EXERCISE DATA: Begin

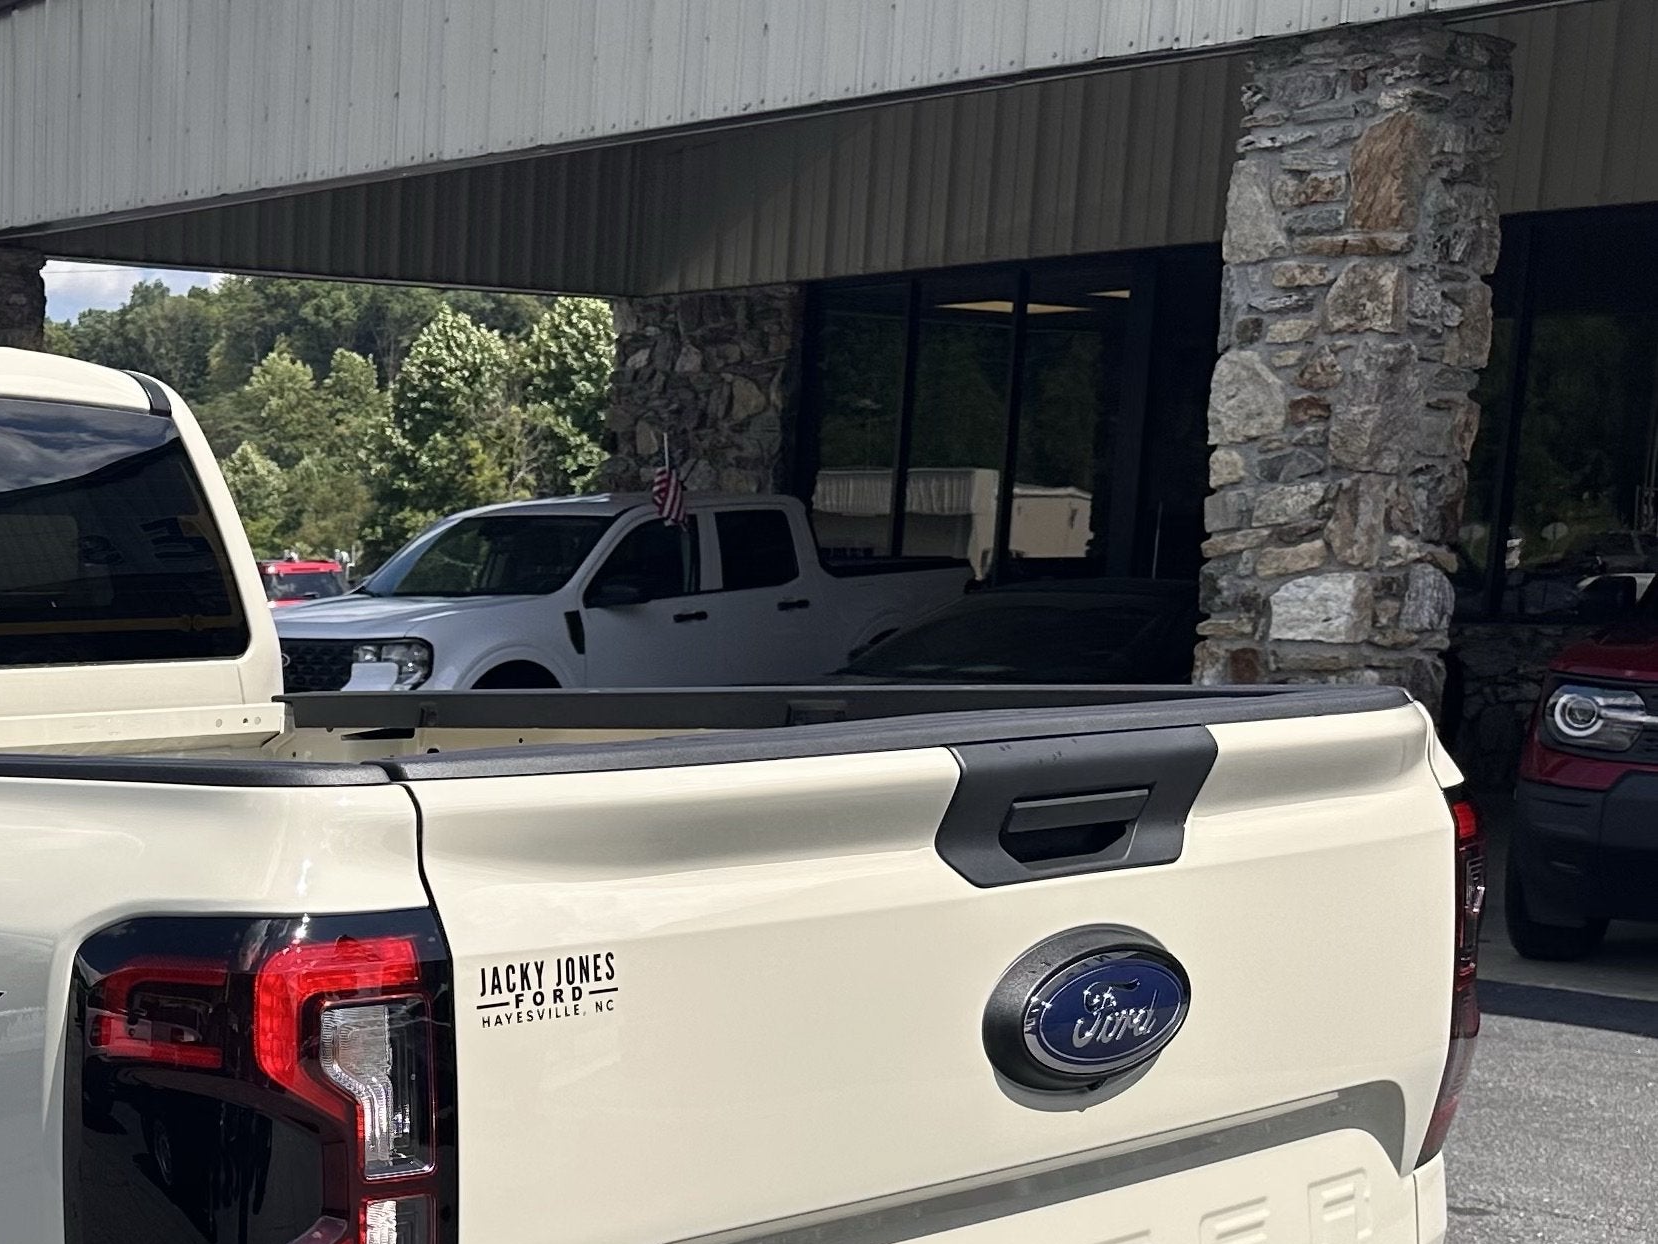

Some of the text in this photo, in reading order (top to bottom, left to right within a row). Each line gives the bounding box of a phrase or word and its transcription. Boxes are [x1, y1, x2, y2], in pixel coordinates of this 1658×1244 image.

[480, 952, 615, 997] JACKY JONES
[482, 999, 615, 1028] HAYESVILLE, NC
[514, 986, 583, 1009] FORD
[1072, 977, 1159, 1048] Ford
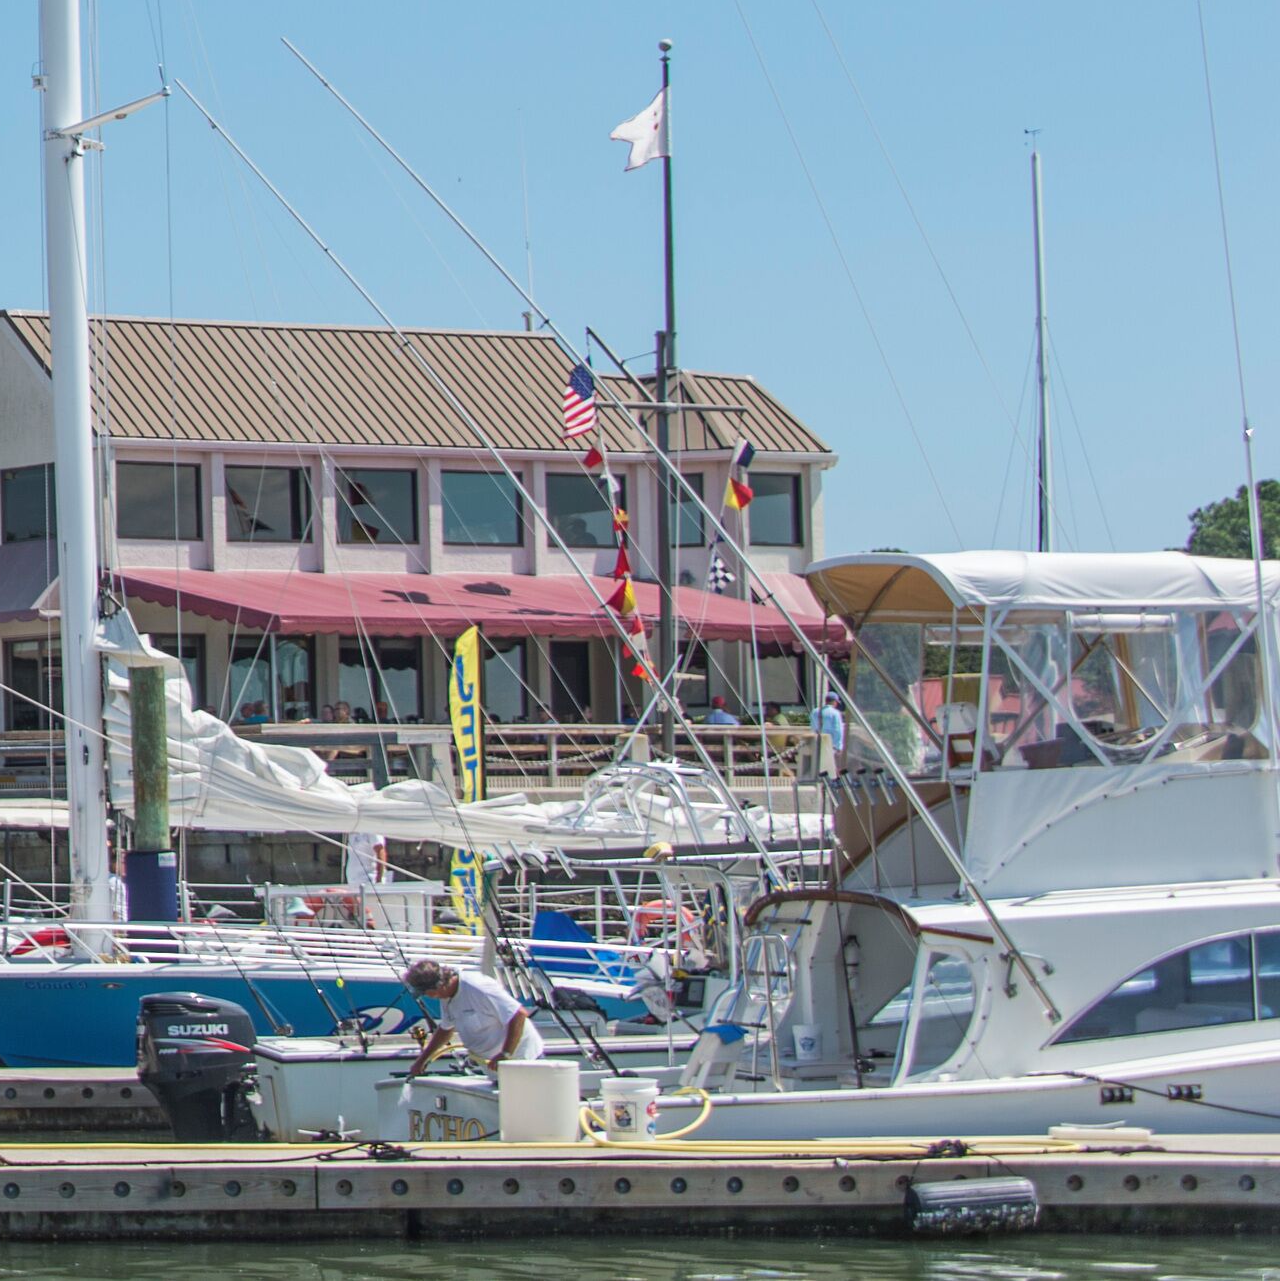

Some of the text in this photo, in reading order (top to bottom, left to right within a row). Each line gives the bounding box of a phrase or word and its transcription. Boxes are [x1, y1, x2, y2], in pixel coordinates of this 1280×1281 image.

[24, 980, 88, 990] Cloud 9
[167, 1023, 229, 1036] SUZUKI
[408, 1109, 488, 1142] ECHO
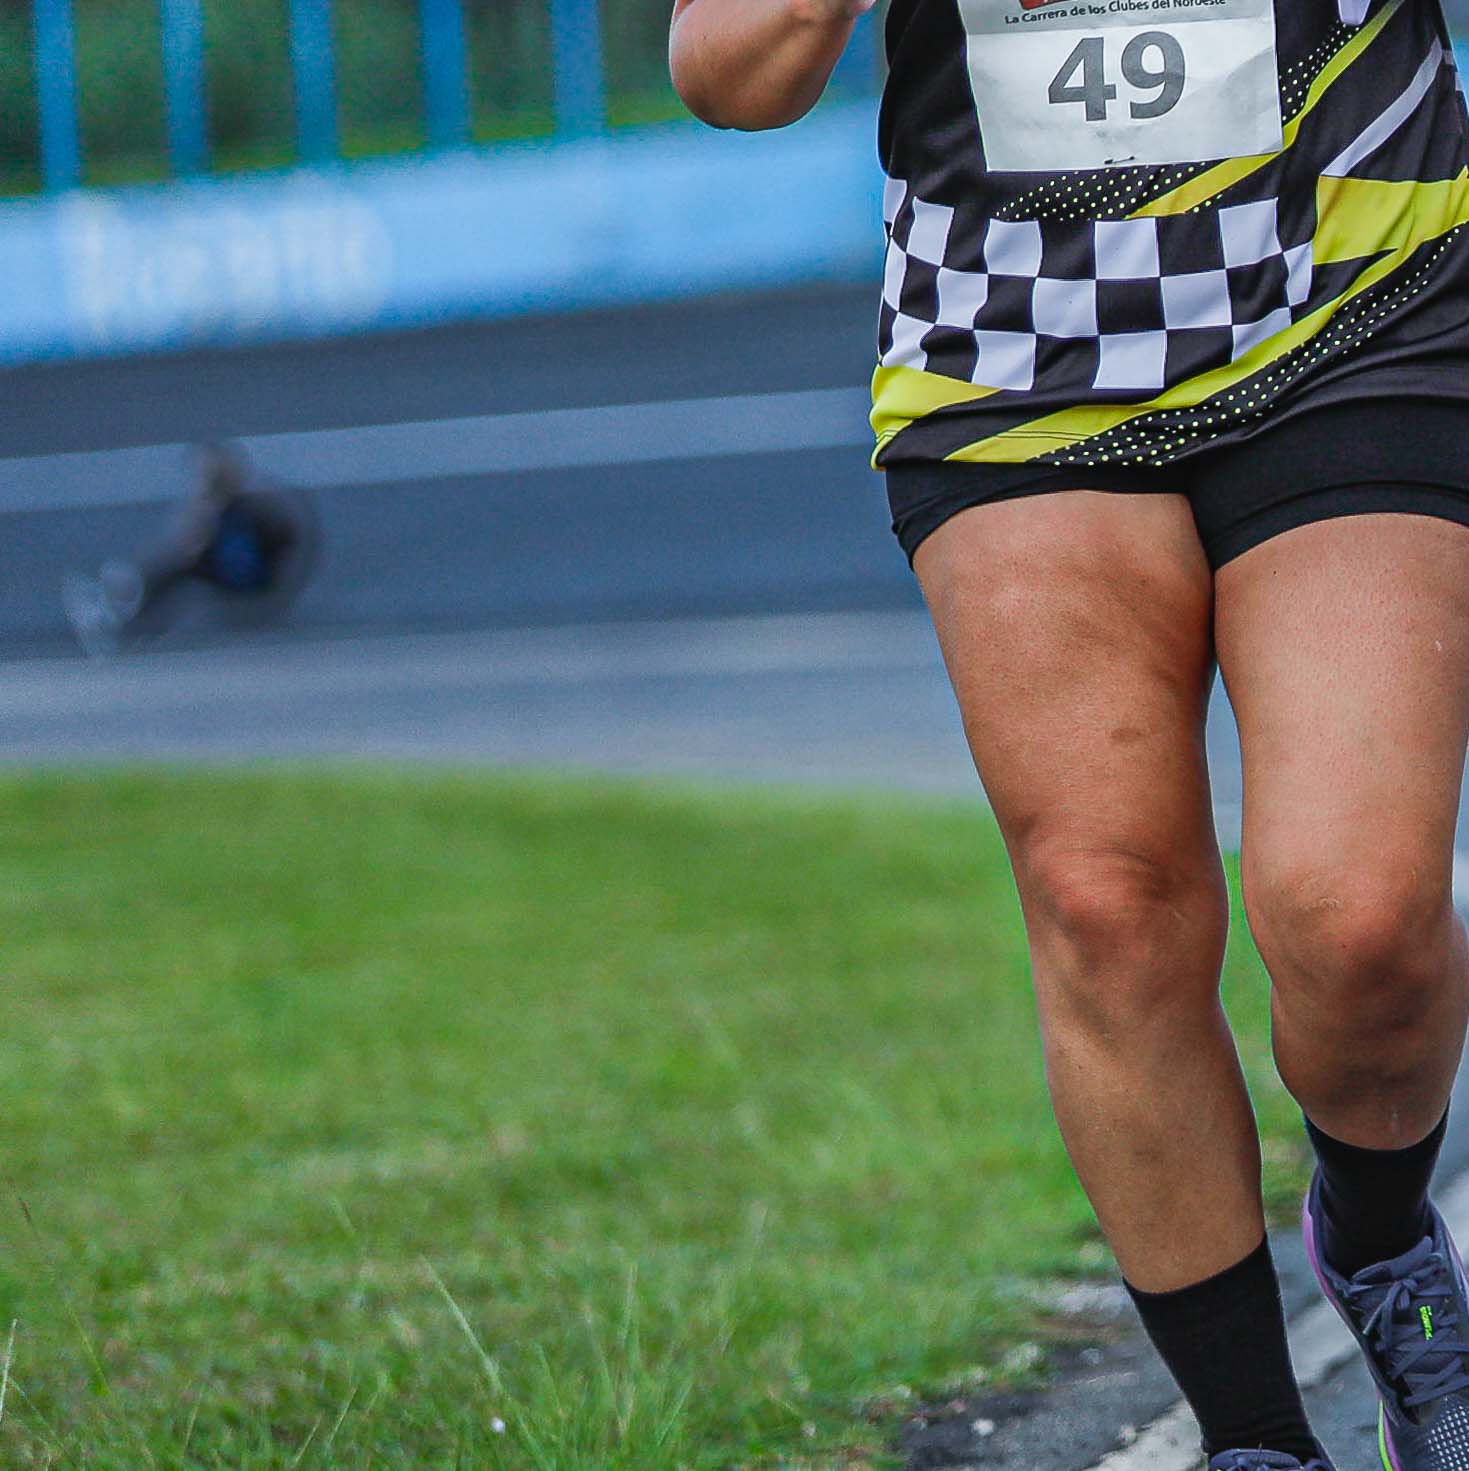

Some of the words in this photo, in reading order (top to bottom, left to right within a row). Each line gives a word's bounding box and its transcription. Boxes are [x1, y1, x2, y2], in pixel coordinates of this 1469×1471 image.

[1005, 15, 1019, 25] La
[1022, 8, 1067, 24] Carrera
[1070, 6, 1086, 17] de
[1088, 4, 1106, 15] los
[1108, 0, 1149, 13] Clubes
[1047, 31, 1187, 122] 49
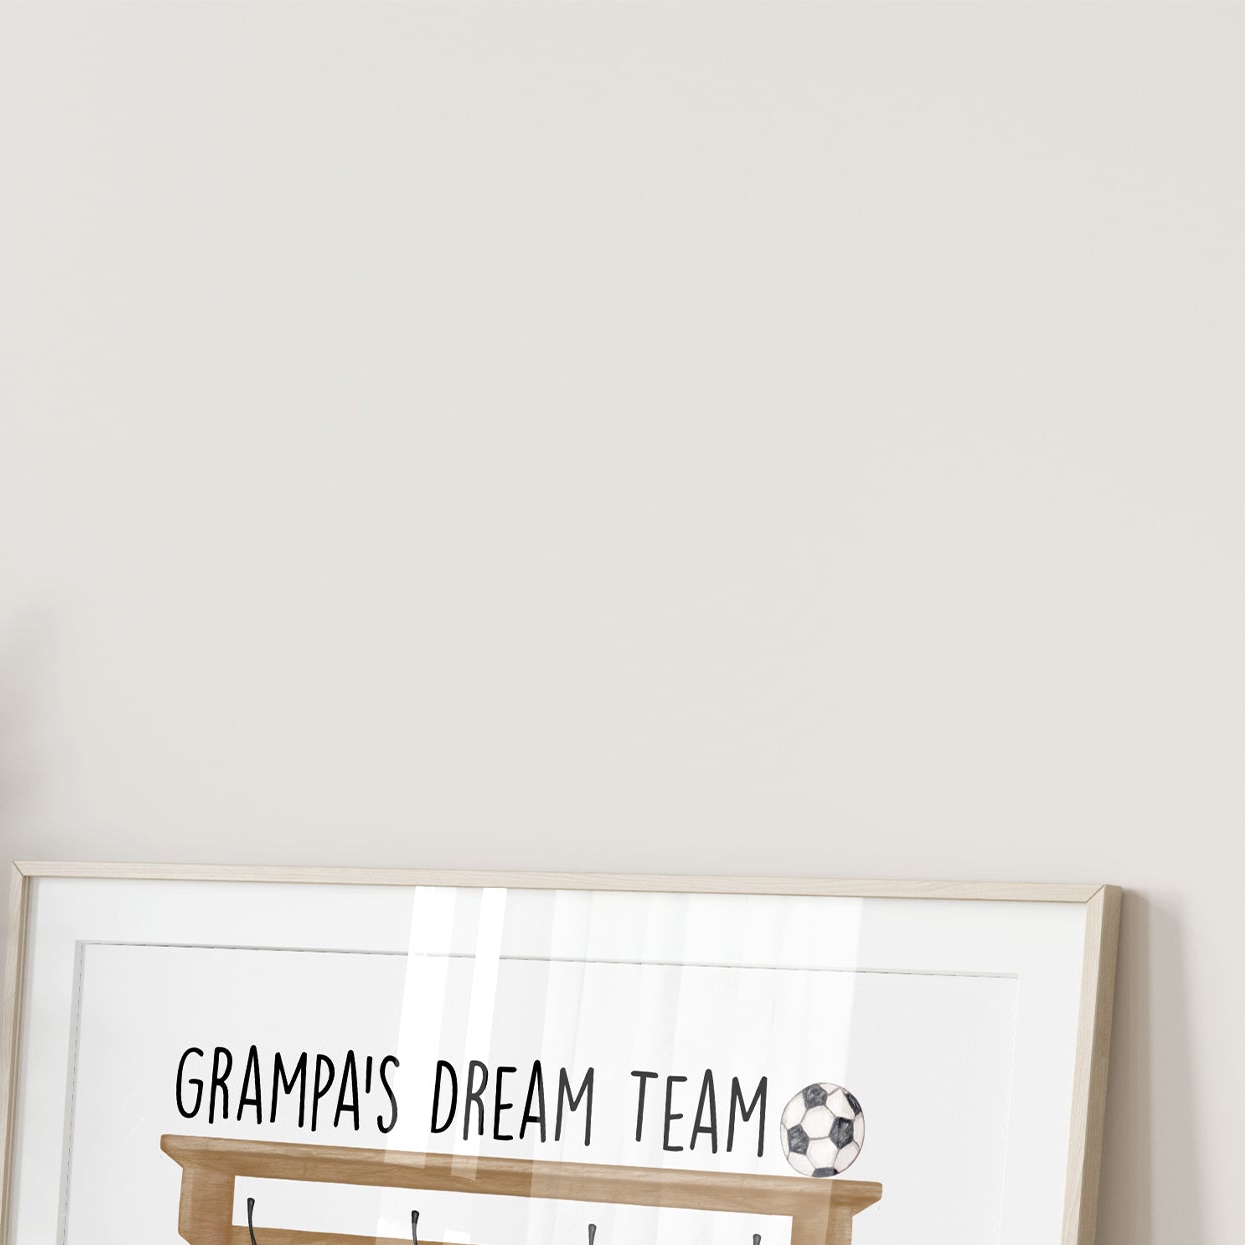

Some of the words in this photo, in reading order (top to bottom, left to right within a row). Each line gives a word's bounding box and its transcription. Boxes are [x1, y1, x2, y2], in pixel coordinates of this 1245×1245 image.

EXERCISE DATA: End

ASSIGNMENT:
What you produce should repeat the data word for word while omitting all images.

EXPECTED ANSWER:
Some of the text in this photo, in reading order (top to bottom, left to right within a row). Each line gives the bounding box of a phrase or word and its transcription. Boxes are [x1, y1, x2, y2], in pixel coordinates of this 1658×1244 image.

[480, 952, 615, 997] JACKY JONES
[482, 999, 615, 1028] HAYESVILLE, NC
[514, 986, 583, 1009] FORD
[1072, 977, 1159, 1048] Ford

Some of the text in this photo, in reading order (top to bottom, left to right within a row). Each line gives the bounding box of a phrase or word and its transcription. Boxes are [x1, y1, x2, y2], in pixel coordinates of this 1280×1281 image.

[24, 980, 88, 990] Cloud 9
[167, 1023, 229, 1036] SUZUKI
[408, 1109, 488, 1142] ECHO

Some of the words in this photo, in reading order (top to bottom, left to right within a row). Each line gives a word's bounding box and its transcription. Boxes are [x1, y1, x2, y2], in pixel coordinates of this 1469×1471 image.

[1005, 15, 1019, 25] La
[1022, 8, 1067, 24] Carrera
[1070, 6, 1086, 17] de
[1088, 4, 1106, 15] los
[1108, 0, 1149, 13] Clubes
[1047, 31, 1187, 122] 49

Some of the words in this photo, in reading order (top to bottom, left to right within a row). Each line gives a word's bounding box and its transcription. Boxes are [x1, y1, x2, y2], in pixel coordinates of this 1245×1245 image.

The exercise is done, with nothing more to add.